En alguno de mis quilts he utilizado fuentes no habituales en las comunicacionaciones diarias y que sí quedaban bien. A menudo juego con las fuentes y como bien dices cuando no son TT pueden dar problemas. Sorteo un MyMemories en mi blog ¿quieres pasarte por ahí? Un beso

Marjorie said...

This inspires me - I have just done my first labels on the embroidery machine. Had not thought about matching font to the sentiment on the label - great idea. Also didn't realize that fonts would be unreadable if not resident on the machine. Guess that's why there are font families in html. Good information.

Linda said...

My favorite font is Lucinda Calligraphy. I use a non-standard Stippling font a lot because it makes big block letters I can use for applique...but for the most part I find the standard fonts aren't fat enough for that. My question is...how would you know if you are using an unreadable font?

Linda and Michelle said...

I agree with the Linda right before me - I need some fatter fonts that are easier to blow up and use for fill. I can do free motion writing on my quilts, but I lust for an embroidery machine for those little extras.....

Snoodles said...

With an IT/software guru in the house, I'm constantly amazed at the wealth of fonts that one can choose from....it does make me sad, tho, that many of them would not work in blogger. It would be fun to use them. I'm just getting into labels, so I enjoyed this very much. Also, I'm going to be creating an alphabet quilt soon, so I think I will look around for just the right font for that!

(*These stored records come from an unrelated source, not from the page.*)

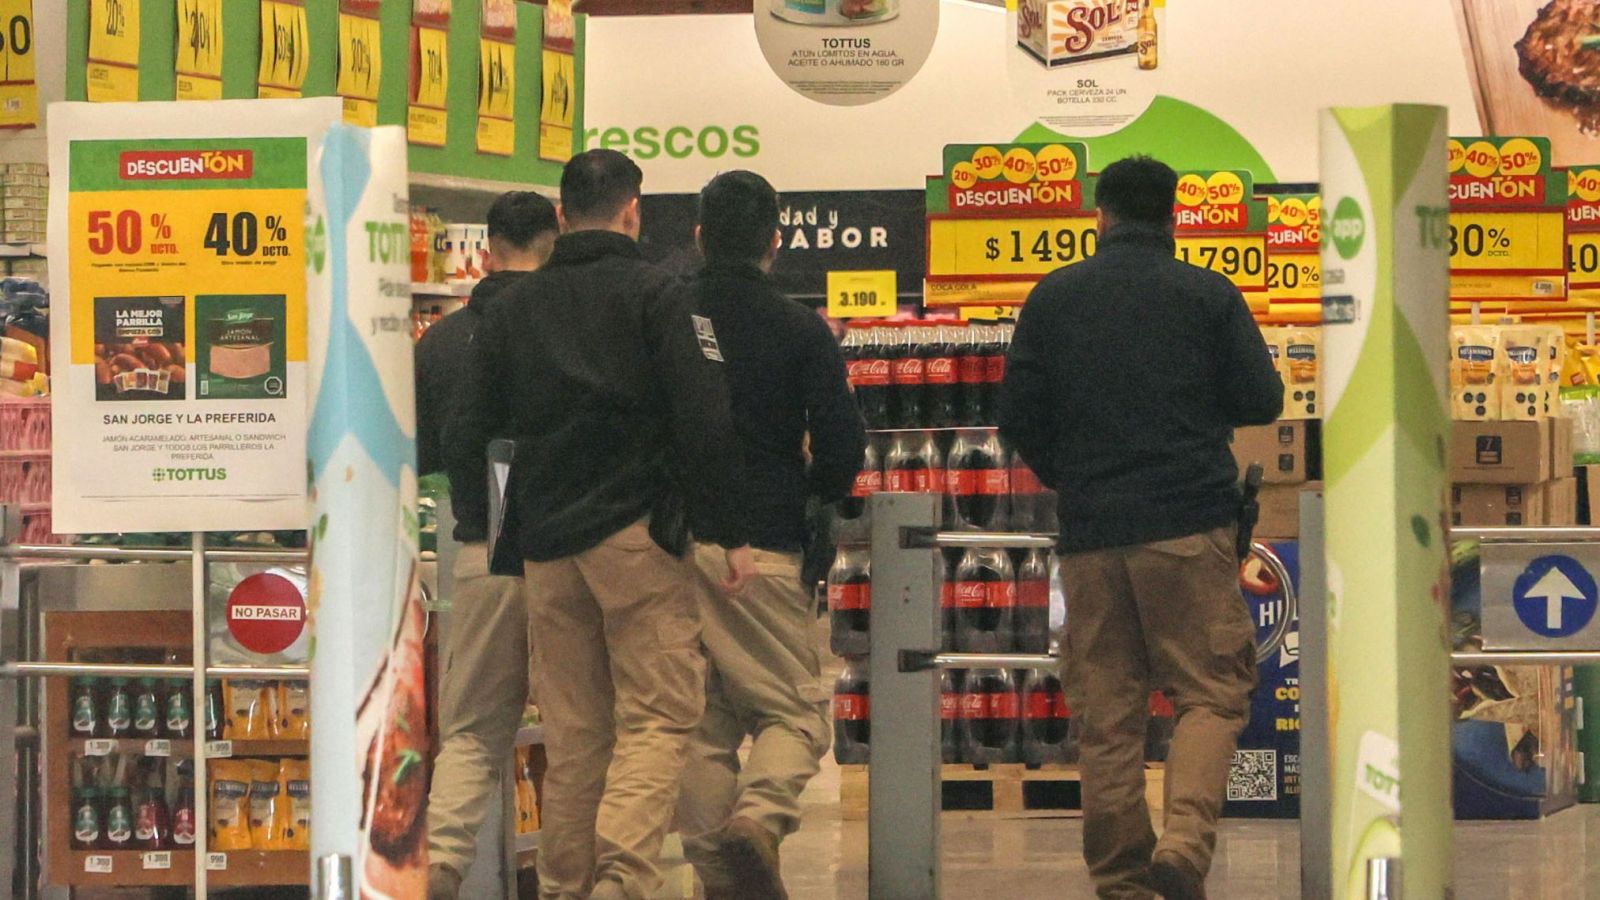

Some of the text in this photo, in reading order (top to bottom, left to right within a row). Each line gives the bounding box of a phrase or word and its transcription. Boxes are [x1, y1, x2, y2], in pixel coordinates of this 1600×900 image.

[0, 15, 30, 55] 0
[822, 38, 871, 48] TOTTUS
[788, 59, 819, 67] ACEITE
[1077, 79, 1099, 89] SOL
[127, 152, 244, 177] DESCUENTÓN
[1577, 176, 1600, 192] 40
[956, 182, 1073, 206] DESCUENTÓN
[828, 210, 838, 229] y
[116, 309, 162, 318] LA MEJOR
[116, 318, 163, 327] PARRILLA
[103, 413, 276, 424] SAN JORGE Y LA PREFERIDA
[243, 433, 286, 441] SANDWICH
[130, 444, 156, 452] JORGE
[165, 443, 191, 451] TODOS
[192, 443, 208, 451] LOS
[264, 442, 275, 450] LA
[166, 467, 227, 480] TOTTUS
[235, 608, 297, 618] NO PASAR
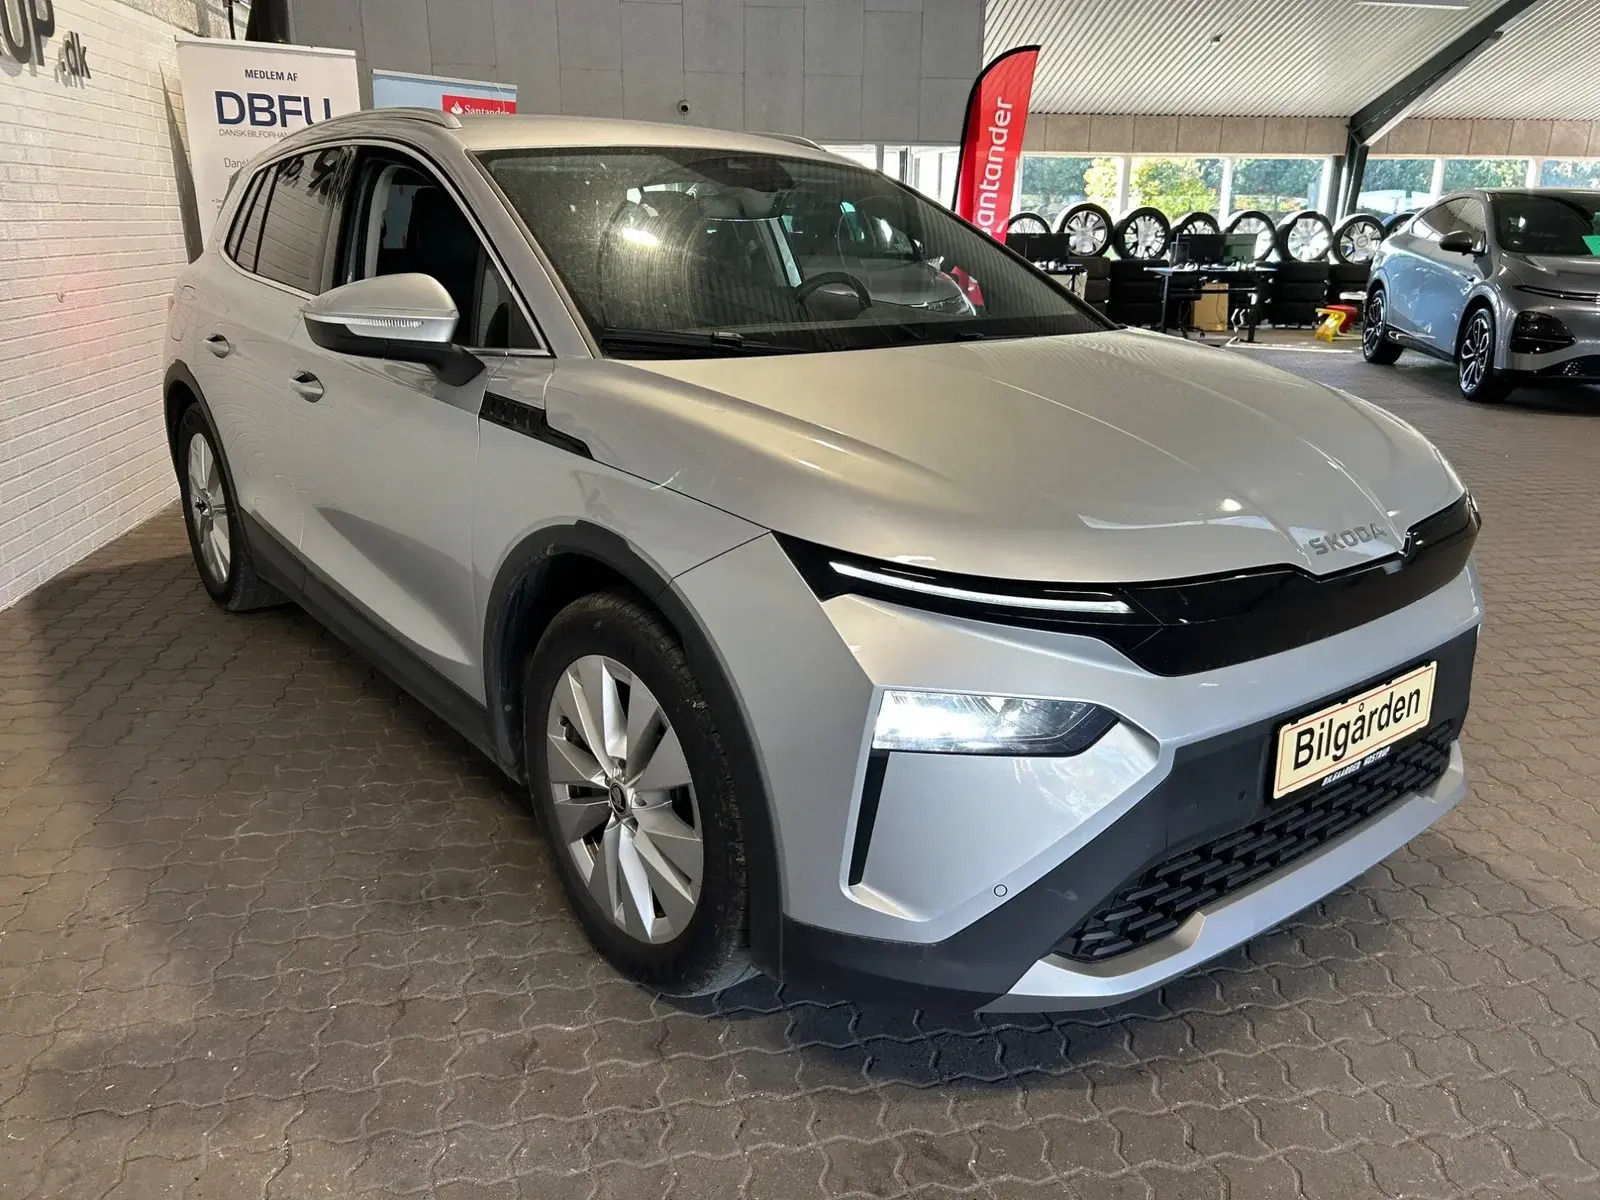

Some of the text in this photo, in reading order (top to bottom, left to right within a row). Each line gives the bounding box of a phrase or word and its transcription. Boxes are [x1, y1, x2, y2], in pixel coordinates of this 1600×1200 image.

IHaveANotion ~ Kelly Jackson said...

I feel like an idiot....I don't even know how to do the font thing. This girl needs to get her groove on and learn how to do the font thing.

Thanks for the inspiration!


The Quilted Dog said...

I've used different fonts on my computer to print out custom quilt labels on printable fabric sheets. It works very well and is super easy, and I can include any specific text that I want.

Marguerita McManus said...

I really like Batang and I have no idea why! I love this post :)

Connie Kresin Campbell said...

I use a large variety of fonts for digital scrap booking and other things!

Unknown said...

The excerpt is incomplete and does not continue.